> **Saved data entries**
*** Block opens ***

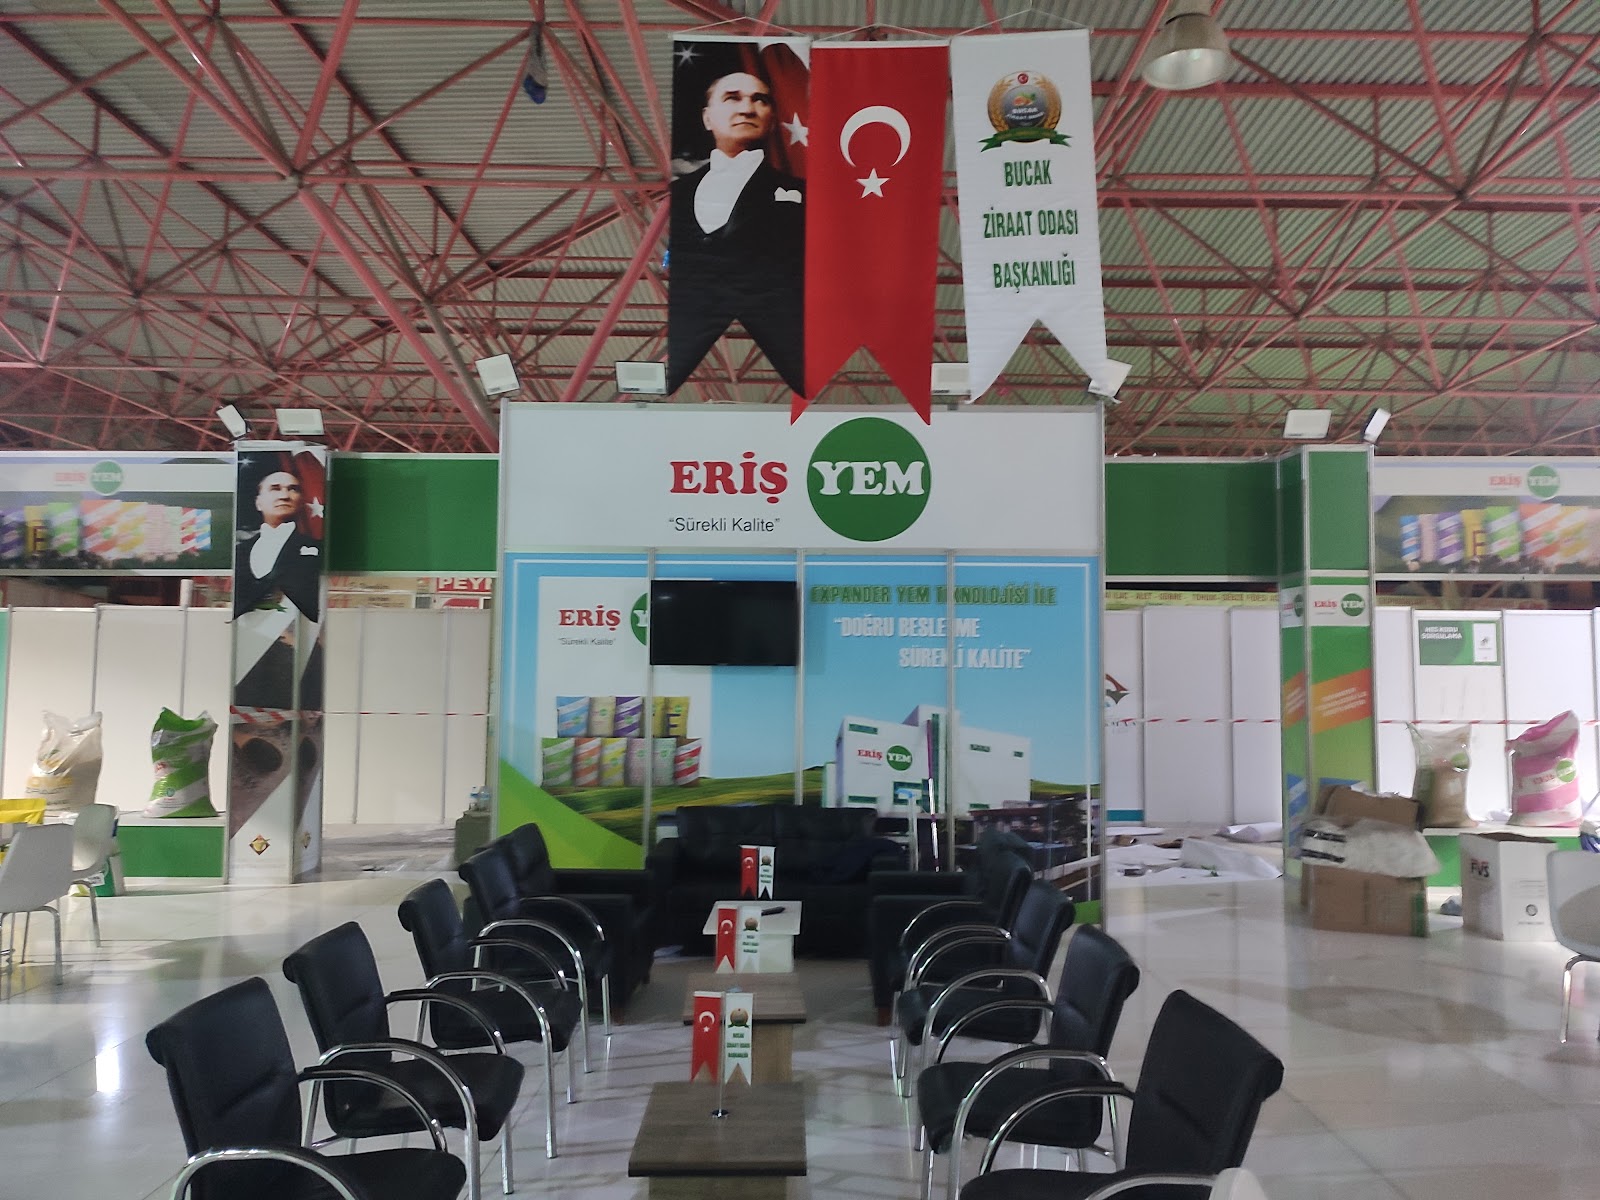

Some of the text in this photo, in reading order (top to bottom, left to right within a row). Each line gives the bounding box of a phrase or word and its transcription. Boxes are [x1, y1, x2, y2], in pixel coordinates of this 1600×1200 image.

[1004, 160, 1052, 187] BUCAK
[983, 206, 1079, 239] ZİRAAT ODASI
[993, 252, 1076, 294] BAŞKANLIĞI
[669, 451, 925, 504] ERİŞ YEM
[811, 585, 890, 605] EXPANDER
[897, 585, 931, 605] YEM
[1033, 582, 1057, 606] İLE
[558, 605, 621, 631] ERİŞ
[898, 616, 981, 638] BESLEME

*** Block closes ***

Return every record exactly. Pictures stay out.

Some of the text in this photo, in reading order (top to bottom, left to right within a row). Each line gives the bounding box of a phrase or word and its transcription. Boxes are [x1, y1, x2, y2], in pixel coordinates of this 1600×1200 image.

[1004, 160, 1052, 187] BUCAK
[983, 206, 1079, 239] ZİRAAT ODASI
[993, 252, 1076, 294] BAŞKANLIĞI
[669, 451, 925, 504] ERİŞ YEM
[811, 585, 890, 605] EXPANDER
[897, 585, 931, 605] YEM
[1033, 582, 1057, 606] İLE
[558, 605, 621, 631] ERİŞ
[898, 616, 981, 638] BESLEME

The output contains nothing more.